MOUTIER.—Mais, mon général...

LE GÉNÉRAL.—Il n'y a pas de mais; vous croyez que je n'ai pas vu votre malice de vous mettre à courir comme un dératé pour me narguer. Vous vous disiez: «Tu t'assoiras, mon bonhomme; tu te reposeras, mon vieux! Je cours, toi tu t'arrêtes; je gambade, toi tu tombes. Vivent les jeunes! A bas les vieux!» Voilà ce que vous pensiez, Monsieur; et votre bouche souriante en dit plus que votre langue.

MOUTIER.—Je suis bien fâché, mon général, que ma bouche...

LE GÉNÉRAL.—Fâché, par exemple! Vous êtes enchanté; vous riez sous cape; vous voudriez me voir tirer la langue et traîner la jambe, et que je restasse en chemin, pour dire: «Voilà pour punir l'orgueil de ce vieux tamis criblé de balles et de coups de baïonnette!» Car j'en ai eu des blessures; personne n'en a eu comme moi. Oui, Monsieur, quoi que vous en disiez; quand vous m'avez ramassé à Malakoff, au moment où j'allais sauter une seconde fois, j'avais plus de cinquante blessures sur le corps; et sans vous, Monsieur, je ne m'en serais jamais tiré; c'est vous qui m'avez sauvé la vie, je le répète et je le dirai jusqu'à la fin de mes jours; et vous avez beau me lancer des regards furieux (ce qui est fort inconvenant de la part d'un sergent à un général), vous ne me ferez pas taire, et je crierai sur les toits: «c'est Moutier, le brave sergent des zouaves, qui m'a sauvé au risque de périr avec moi et pour moi; et je ne l'oublierai jamais, et je l'aime, et je ferai tout ce qu'il voudra, et il fera de moi ce qu'il Voudra.»
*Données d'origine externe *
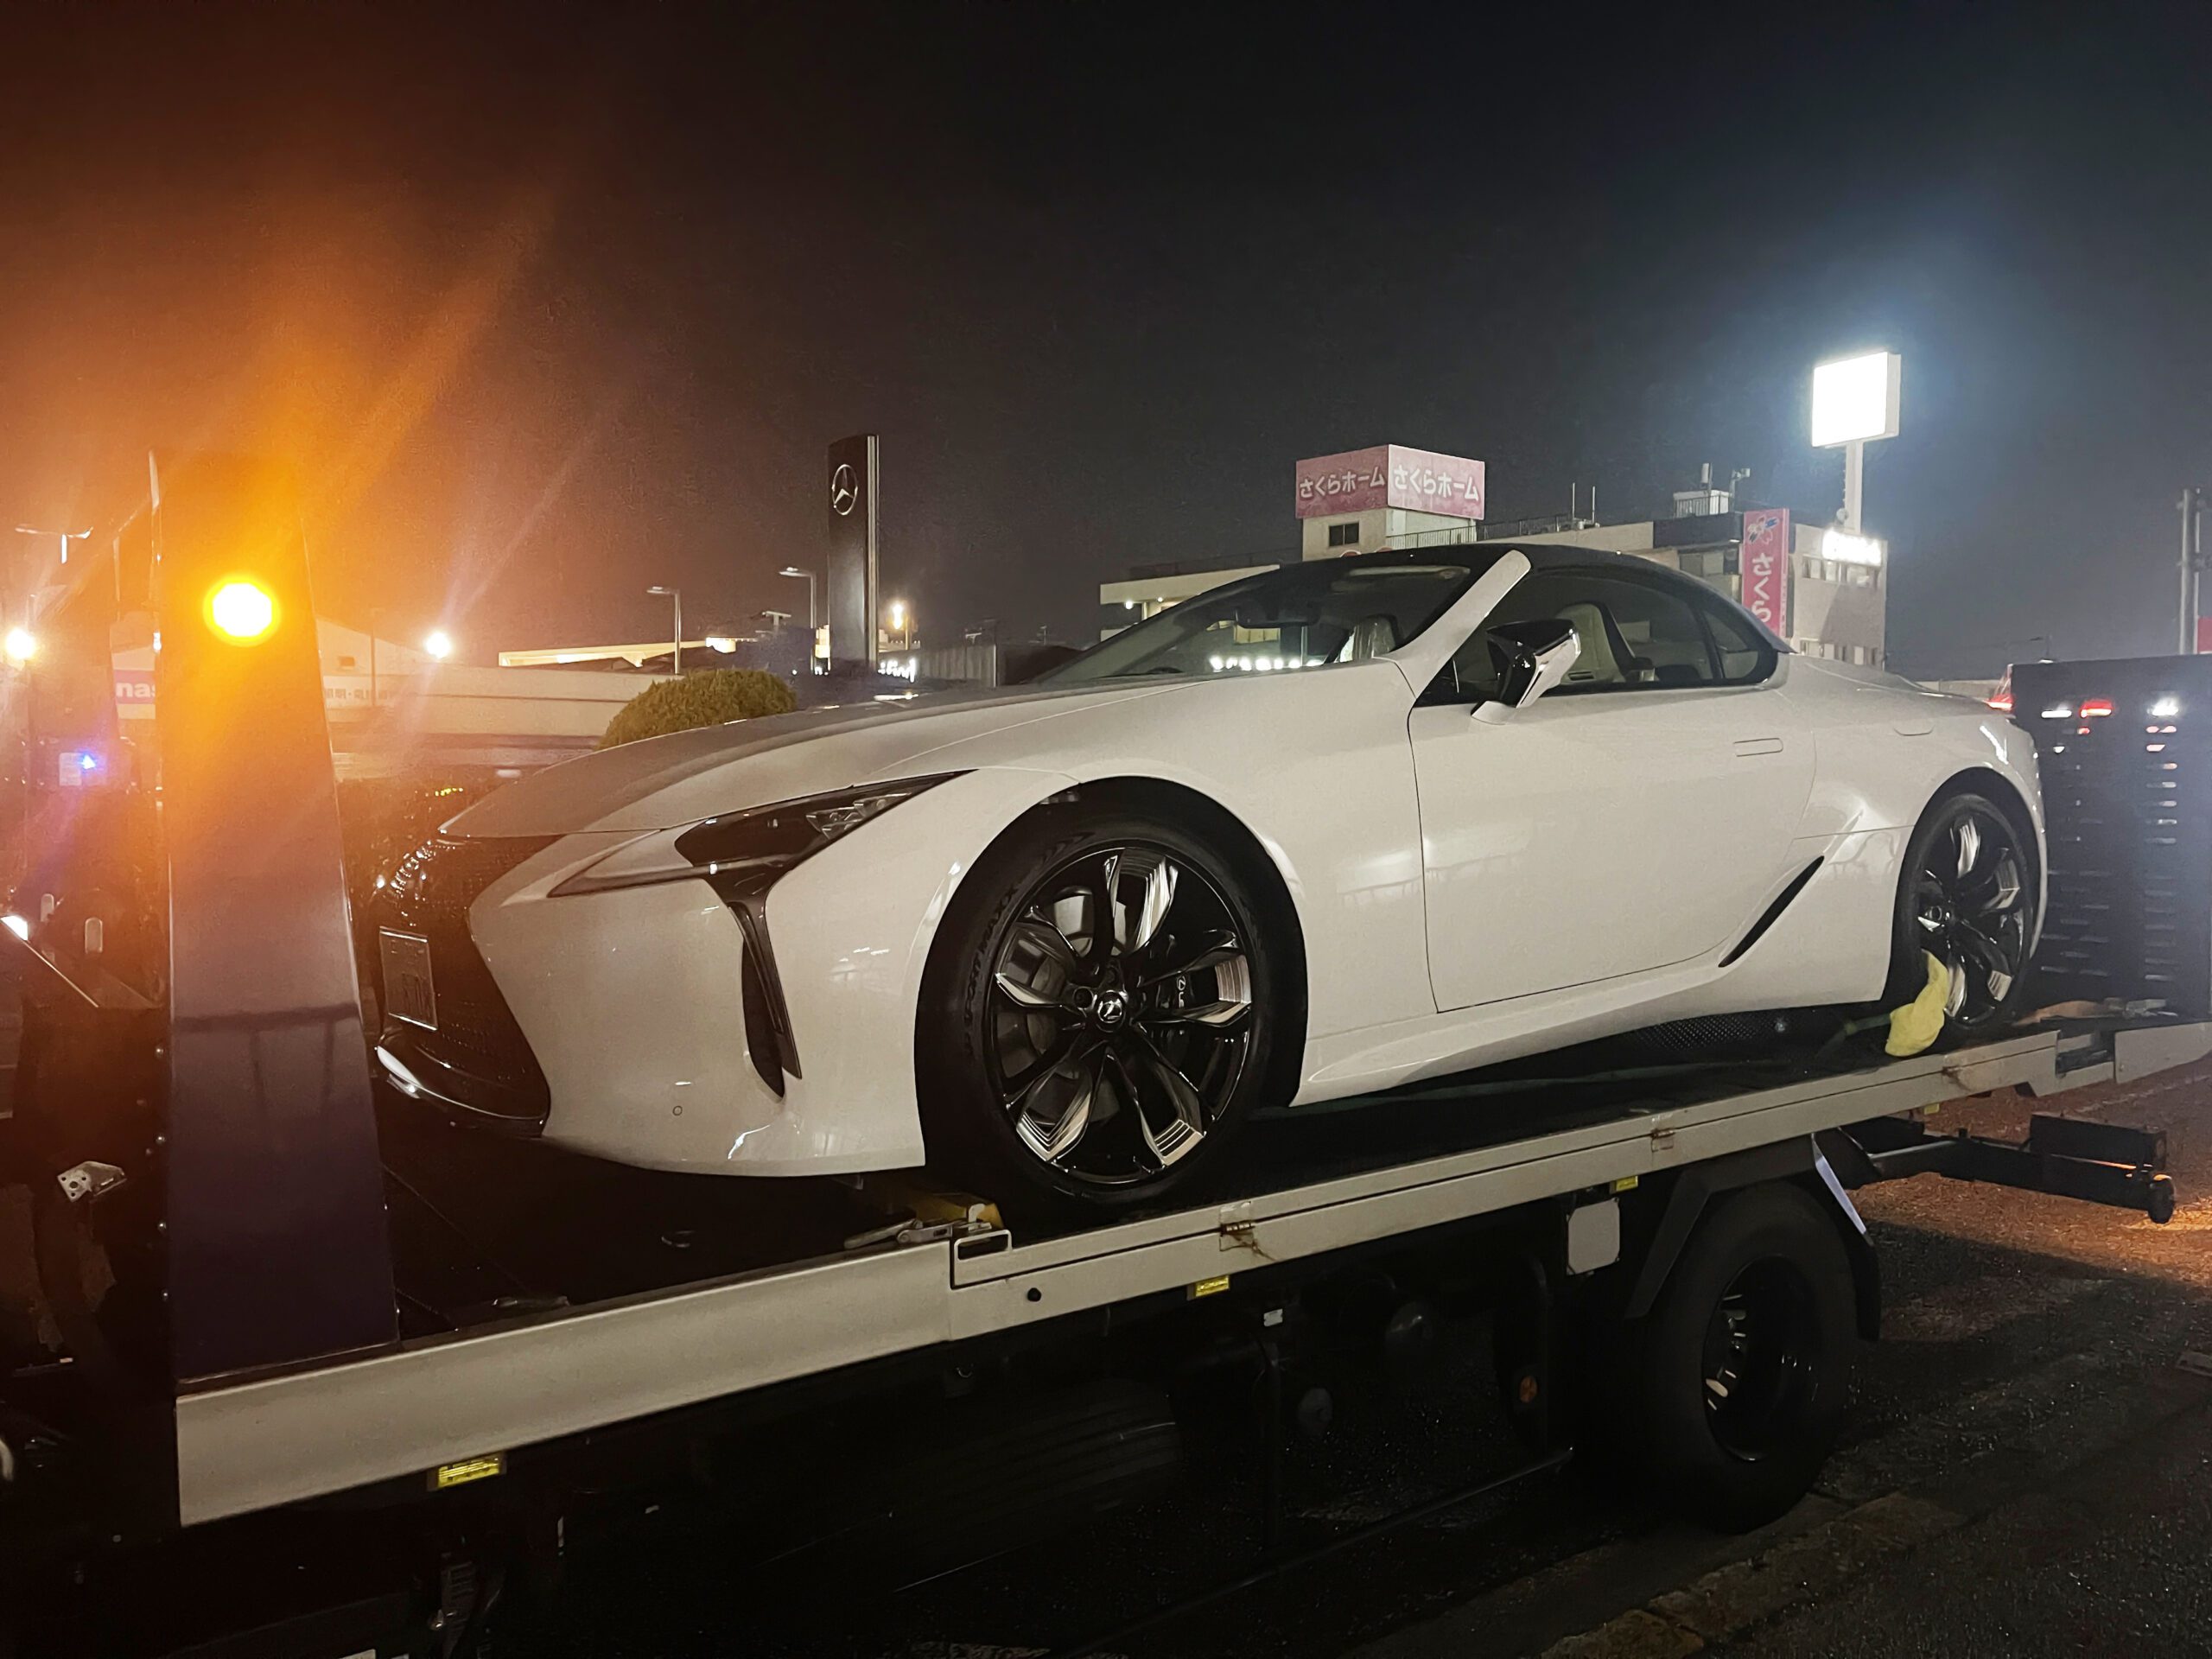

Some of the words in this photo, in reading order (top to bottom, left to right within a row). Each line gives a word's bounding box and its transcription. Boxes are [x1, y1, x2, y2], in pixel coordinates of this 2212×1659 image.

Le général, ému de sa colère passée et de son attendrissement présent, tendit la main à Moutier qui s'assit près de lui.

«Reposons-nous encore, mon général; je ne fais qu'arriver; moi aussi j'ai une blessure qui me gêne pour marcher, et je serais bien aise de...»

—Vrai? dit le général avec une satisfaction évidente, vous avez vraiment besoin de vous reposer?

MOUTIER.—Très vrai, mon général. Ce que vous avez pris pour de la malice était de la bravade, de l'entrain de zouave. Ah! qu'il fait bon se reposer au frais! continua-t-il en s'étendant sur l'herbe comme s'il se sentait réellement fatigué.

Le général, enchanté, se laissa aller et s'appuya franchement contre l'arbre; il ferma les yeux et ne tarda pas à s'endormir, Quand Moutier l'entendit légèrement ronfler, il se releva lestement et partit au galop, laissant près du général un papier sur lequel il avait écrit: «Attendez-moi! mon général, je serai bientôt de retour.»

Le général dormait, Moutier courait; il paraît que sa blessure ne le gênait guère, car il courut sans s'arrêter jusqu'à Domfront; il demanda au premier individu qu'il rencontra où il pourrait trouver une voiture à louer; on lui indiqua un aubergiste qui louait de tout; il y alla, fit marché pour une carriole, un cheval et un conducteur, fit atteler de suite, monta dedans et fit prendre au grand trot la route de Loumigny; il ne tarda pas à arriver au tertre et à l'arbre où il avait laissé le général; personne! Le général avait disparu, laissant sa redingote, que Moutier avait déposée par terre près de lui.